**TASK REQUIREMENTS**
Every entry is to be transcribed as it stands. Images stay out.

**AVAILABLE RECORDS**
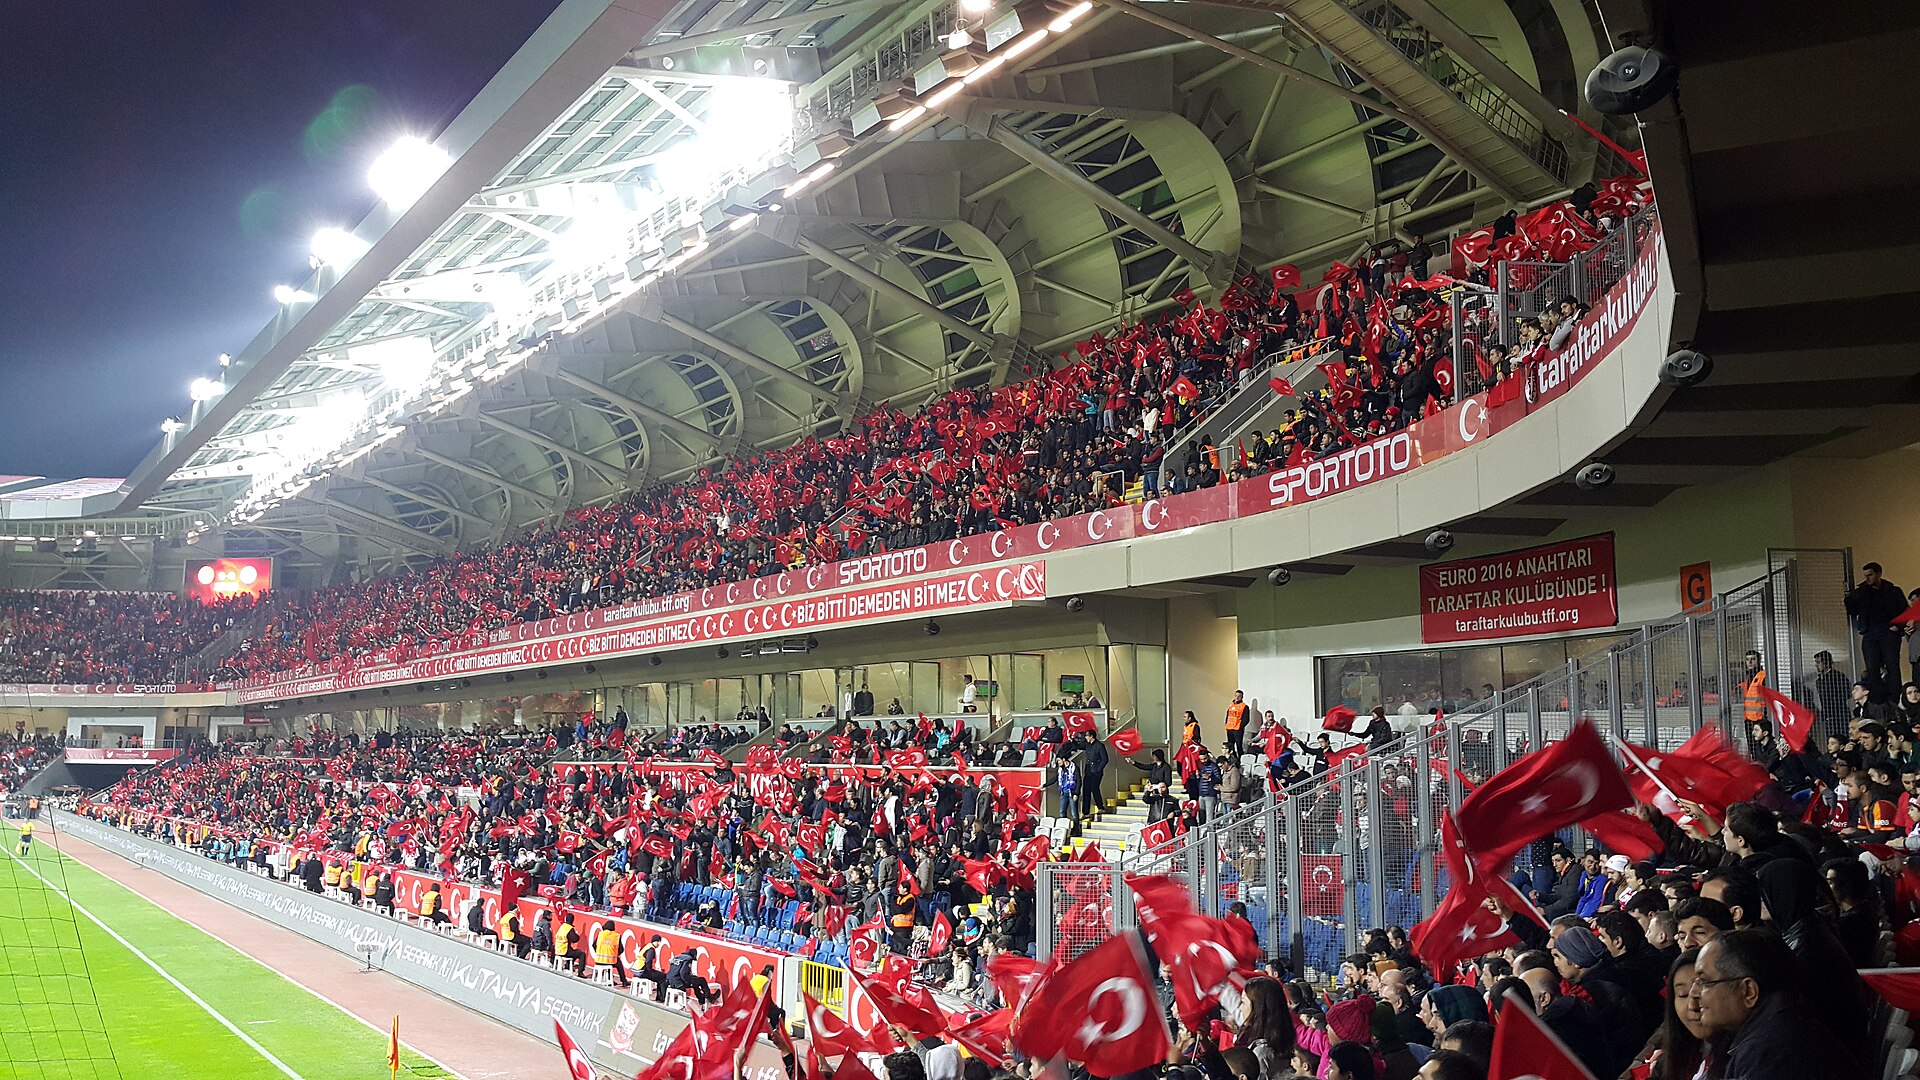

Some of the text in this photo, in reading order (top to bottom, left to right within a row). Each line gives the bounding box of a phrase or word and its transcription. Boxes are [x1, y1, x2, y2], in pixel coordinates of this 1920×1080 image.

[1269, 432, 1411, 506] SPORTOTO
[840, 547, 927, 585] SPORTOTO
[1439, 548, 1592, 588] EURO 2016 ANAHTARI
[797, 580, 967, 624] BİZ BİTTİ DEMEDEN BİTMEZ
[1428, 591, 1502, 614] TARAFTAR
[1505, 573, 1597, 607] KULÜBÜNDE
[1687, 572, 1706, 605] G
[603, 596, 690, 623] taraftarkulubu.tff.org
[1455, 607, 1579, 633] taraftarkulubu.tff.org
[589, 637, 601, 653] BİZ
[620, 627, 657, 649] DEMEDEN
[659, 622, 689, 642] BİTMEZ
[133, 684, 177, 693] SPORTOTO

**RESPONSE**
Some of the text in this photo, in reading order (top to bottom, left to right within a row). Each line gives the bounding box of a phrase or word and its transcription. Boxes are [x1, y1, x2, y2], in pixel coordinates of this 1920×1080 image.

[1269, 432, 1411, 506] SPORTOTO
[840, 547, 927, 585] SPORTOTO
[1439, 548, 1592, 588] EURO 2016 ANAHTARI
[797, 580, 967, 624] BİZ BİTTİ DEMEDEN BİTMEZ
[1428, 591, 1502, 614] TARAFTAR
[1505, 573, 1597, 607] KULÜBÜNDE
[1687, 572, 1706, 605] G
[603, 596, 690, 623] taraftarkulubu.tff.org
[1455, 607, 1579, 633] taraftarkulubu.tff.org
[589, 637, 601, 653] BİZ
[620, 627, 657, 649] DEMEDEN
[659, 622, 689, 642] BİTMEZ
[133, 684, 177, 693] SPORTOTO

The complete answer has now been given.